Organizing Quality Measures To Reduce Information Overload
As the number of available quality measures grows, report designers face the challenge of providing a great deal of information without overwhelming the user. In addition, individual users of the report may be interested in different measures, so they need a quick and easy way to find the information they really care about.
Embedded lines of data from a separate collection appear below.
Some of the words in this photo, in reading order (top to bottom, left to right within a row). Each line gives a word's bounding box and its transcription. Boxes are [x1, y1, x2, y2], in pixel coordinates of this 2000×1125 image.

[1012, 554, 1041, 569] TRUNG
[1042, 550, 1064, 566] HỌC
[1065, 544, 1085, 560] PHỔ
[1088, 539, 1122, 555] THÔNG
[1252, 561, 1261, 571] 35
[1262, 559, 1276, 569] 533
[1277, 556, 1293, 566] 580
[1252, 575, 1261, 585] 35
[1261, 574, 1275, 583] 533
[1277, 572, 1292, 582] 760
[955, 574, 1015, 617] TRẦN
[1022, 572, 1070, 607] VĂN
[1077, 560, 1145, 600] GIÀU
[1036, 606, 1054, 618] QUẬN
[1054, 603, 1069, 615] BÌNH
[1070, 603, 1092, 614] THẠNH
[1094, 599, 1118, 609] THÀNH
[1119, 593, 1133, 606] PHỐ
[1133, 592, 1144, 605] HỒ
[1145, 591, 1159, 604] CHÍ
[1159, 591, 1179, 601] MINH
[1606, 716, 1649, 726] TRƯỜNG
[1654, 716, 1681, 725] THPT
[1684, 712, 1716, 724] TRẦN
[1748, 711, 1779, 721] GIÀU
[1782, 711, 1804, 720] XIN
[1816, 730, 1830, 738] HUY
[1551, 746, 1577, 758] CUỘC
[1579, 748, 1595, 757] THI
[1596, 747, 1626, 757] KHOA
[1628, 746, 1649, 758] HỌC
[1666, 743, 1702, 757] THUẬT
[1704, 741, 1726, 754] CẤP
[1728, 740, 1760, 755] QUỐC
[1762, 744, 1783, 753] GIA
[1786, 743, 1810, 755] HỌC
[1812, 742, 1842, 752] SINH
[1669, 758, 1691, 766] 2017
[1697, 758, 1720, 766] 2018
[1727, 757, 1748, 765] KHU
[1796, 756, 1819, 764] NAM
One goal of the report designer is to organize the measures so that people have an intuitive sense of what they are likely to find in each section of the report.
This section describes a variety of ways to organize your measures into more digestible “chunks,” both to reduce information overload and to help people find just what they want.
- Using Composites
- Organizing Measures by Quality Domain (e.g., safety, effectiveness, timeliness)
- Organizing Measures by Disease or Condition (e.g., congestive heart failure, asthma, cancer)
- Organizing Measures by Type (e.g., structure, process, outcome, patient experience)
- Organizing Measures by Data Source (e.g., medical records, claims, patient surveys)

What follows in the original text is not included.